My teaching reflects a strong commitment to race, gender, and sexuality scholarship in the context of Latin American literary, historical, and cultural studies. I regard my field of research as a venue for the continuous democratization of the word as a source of empowerment and political intervention in the social field. Inspired by queer and critical race scholarship, my predominant goal in the classroom is to make students aware that everything that is presented in the sources that we analyze as coded, fixed, stable, and natural is covering up the exercise of concrete forms of power that emerge and take shape in specific socio-historical contexts.


I think of my teaching role as a facilitator of questions in processes of reciprocal learning and scholarly conversations with students to critique the ways that dominant discourses reach consensus in societies across time and space.  I had the privilege to teach a diversity of courses, ranging from introductory classes on Latin American culture to graduate seminars in queer history, critical race theory, and Nineteenth-Century Studies.

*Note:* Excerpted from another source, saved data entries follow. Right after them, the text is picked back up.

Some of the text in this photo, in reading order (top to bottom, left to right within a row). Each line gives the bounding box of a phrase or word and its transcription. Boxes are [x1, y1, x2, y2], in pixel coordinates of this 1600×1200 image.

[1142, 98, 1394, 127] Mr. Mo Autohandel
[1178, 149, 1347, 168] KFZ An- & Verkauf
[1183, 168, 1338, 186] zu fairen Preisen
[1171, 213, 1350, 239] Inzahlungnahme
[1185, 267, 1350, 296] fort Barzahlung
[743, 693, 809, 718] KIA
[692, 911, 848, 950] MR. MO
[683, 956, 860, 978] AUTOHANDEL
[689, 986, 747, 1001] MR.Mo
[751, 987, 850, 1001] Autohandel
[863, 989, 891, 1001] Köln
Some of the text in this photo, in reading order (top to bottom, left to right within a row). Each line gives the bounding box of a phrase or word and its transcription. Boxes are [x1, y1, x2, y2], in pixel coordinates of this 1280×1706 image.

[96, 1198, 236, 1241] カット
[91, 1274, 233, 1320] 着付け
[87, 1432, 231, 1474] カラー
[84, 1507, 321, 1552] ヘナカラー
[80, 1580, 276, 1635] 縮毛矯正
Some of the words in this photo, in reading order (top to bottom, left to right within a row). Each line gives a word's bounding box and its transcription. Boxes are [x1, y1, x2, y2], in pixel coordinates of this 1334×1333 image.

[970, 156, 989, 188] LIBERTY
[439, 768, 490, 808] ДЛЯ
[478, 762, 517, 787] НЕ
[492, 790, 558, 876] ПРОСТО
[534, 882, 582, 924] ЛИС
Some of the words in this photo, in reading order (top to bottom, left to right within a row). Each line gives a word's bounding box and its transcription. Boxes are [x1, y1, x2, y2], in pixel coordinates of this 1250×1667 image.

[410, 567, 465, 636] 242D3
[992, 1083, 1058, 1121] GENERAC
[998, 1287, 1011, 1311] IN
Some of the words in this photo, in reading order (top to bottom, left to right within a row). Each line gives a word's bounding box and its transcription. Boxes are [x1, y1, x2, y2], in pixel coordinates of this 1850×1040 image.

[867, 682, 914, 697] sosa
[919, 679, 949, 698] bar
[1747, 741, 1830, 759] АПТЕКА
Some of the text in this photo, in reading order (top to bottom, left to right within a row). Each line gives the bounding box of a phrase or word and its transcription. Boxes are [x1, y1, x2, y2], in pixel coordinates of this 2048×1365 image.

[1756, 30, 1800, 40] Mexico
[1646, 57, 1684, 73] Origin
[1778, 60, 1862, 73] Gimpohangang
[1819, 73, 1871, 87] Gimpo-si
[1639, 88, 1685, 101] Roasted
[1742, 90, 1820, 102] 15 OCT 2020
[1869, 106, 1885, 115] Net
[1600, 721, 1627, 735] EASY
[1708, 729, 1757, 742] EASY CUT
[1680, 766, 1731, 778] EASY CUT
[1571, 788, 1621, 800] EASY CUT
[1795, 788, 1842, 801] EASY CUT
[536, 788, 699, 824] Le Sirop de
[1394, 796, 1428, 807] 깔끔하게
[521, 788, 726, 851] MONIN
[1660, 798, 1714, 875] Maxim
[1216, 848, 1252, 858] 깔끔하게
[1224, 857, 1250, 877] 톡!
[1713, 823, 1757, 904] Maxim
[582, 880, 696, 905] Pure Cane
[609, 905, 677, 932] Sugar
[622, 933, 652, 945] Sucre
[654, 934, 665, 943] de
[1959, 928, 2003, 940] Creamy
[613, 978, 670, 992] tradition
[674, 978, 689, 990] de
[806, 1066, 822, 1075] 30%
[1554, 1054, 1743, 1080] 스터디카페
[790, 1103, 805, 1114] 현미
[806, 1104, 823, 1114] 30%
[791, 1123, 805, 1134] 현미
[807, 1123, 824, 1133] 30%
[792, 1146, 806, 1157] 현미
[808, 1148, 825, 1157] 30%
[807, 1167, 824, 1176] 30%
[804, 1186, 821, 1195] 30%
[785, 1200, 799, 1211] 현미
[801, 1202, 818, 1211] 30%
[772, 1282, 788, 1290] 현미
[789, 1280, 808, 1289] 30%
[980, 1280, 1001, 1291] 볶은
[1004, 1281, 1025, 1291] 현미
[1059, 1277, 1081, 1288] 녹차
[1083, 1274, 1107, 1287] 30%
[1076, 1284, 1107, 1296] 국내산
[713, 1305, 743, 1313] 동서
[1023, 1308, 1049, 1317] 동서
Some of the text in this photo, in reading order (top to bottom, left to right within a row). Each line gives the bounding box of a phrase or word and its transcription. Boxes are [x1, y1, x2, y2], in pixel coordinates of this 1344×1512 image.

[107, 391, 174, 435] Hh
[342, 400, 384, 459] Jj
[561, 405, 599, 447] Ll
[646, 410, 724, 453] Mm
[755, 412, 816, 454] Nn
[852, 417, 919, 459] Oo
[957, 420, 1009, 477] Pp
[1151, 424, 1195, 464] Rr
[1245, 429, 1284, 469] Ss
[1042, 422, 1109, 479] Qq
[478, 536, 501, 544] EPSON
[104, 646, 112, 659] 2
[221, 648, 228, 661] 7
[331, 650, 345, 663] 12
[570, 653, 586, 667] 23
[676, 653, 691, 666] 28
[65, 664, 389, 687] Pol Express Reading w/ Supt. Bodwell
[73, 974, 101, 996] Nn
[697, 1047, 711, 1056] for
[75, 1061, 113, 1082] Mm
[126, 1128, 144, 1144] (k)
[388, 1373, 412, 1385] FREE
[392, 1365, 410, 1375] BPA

In my seminars, I design a safe space where students engage in a critical relationship to textual materials that speak in multiple ways to diverse student populations shaped by different personal and educational experiences. Essential to my lesson plans is the inclusion of exercises that question and disassemble the power dynamics invested in multiple kinds of sources, including novels, plays, poems, medical studies, epidemic chronicles, manifestos, and laws. Students examine how these documents’ plots, characterizations, ideological assumptions, and political motivations seek legitimacy for social orders, regimes of knowledge about the body, and imperial and nationalist impulses.  

My predominant goal as a queer researcher and teacher is to make sure that my students are exposed to a variety of ways that one can be a scholar. My students are part of a program of study that includes sources written by members of a diverse social spectrum that goes beyond the Eurocentric-Western canon of white cismen. I structure my syllabi, writing assignments, in-class group seminars, lectures, and student symposia thinking of encouraging not only mastery of a particular topic but also transformational learning based on intellectual dynamism. I give my students a range of assignment choices to let them identify and explore their own interests as I am aware that a diverse classroom will develop different sets of academic skills. My pedagogical approach seeks to contribute to a cross-cultural exposure in which, by working together, students learn about their colleagues’ own expertise in the social sciences and humanities.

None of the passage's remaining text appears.